Saved entries
· · · · ·

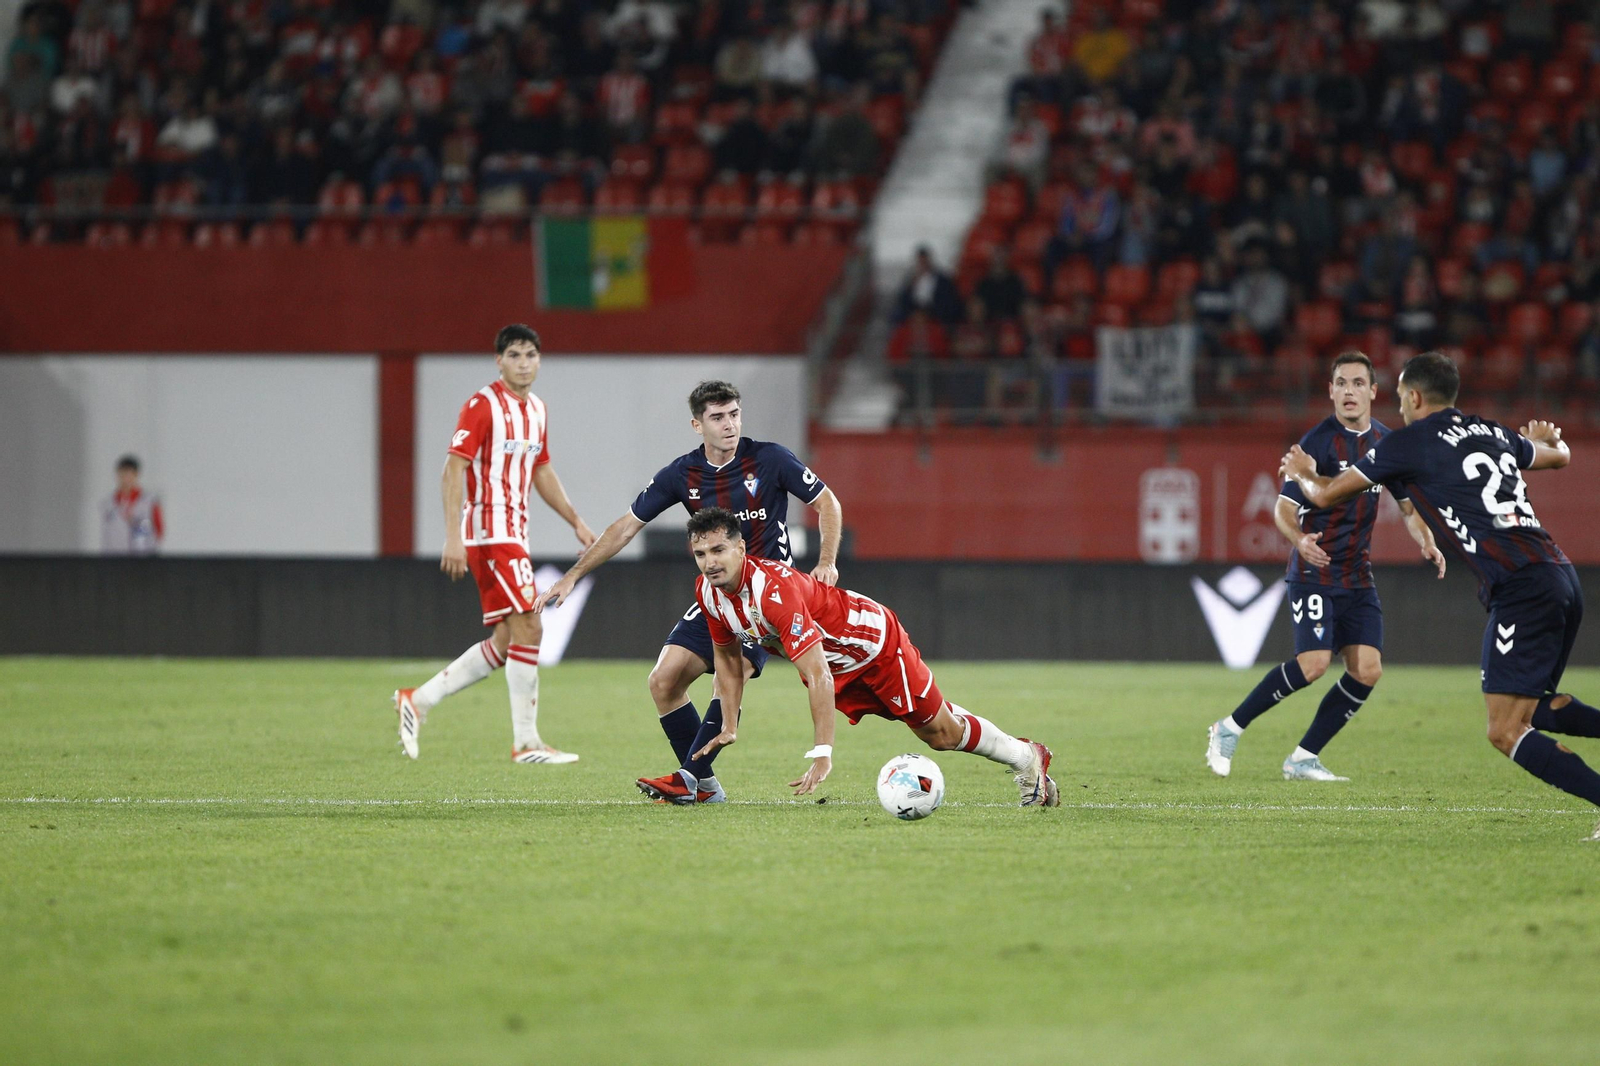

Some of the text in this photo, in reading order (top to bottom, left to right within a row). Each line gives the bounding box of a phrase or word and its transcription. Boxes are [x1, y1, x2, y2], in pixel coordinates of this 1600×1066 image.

[1462, 451, 1535, 515] 22
[734, 507, 767, 521] rtlog
[508, 557, 534, 587] 18
[1307, 593, 1324, 620] 9

· · · · ·

» Goal of the exercise
An exact copy of every entry above is needed, with the pictures left out.

» Task result
Some of the text in this photo, in reading order (top to bottom, left to right within a row). Each line gives the bounding box of a phrase or word and its transcription. Boxes are [x1, y1, x2, y2], in pixel coordinates of this 1600×1066 image.

[1462, 451, 1535, 515] 22
[734, 507, 767, 521] rtlog
[508, 557, 534, 587] 18
[1307, 593, 1324, 620] 9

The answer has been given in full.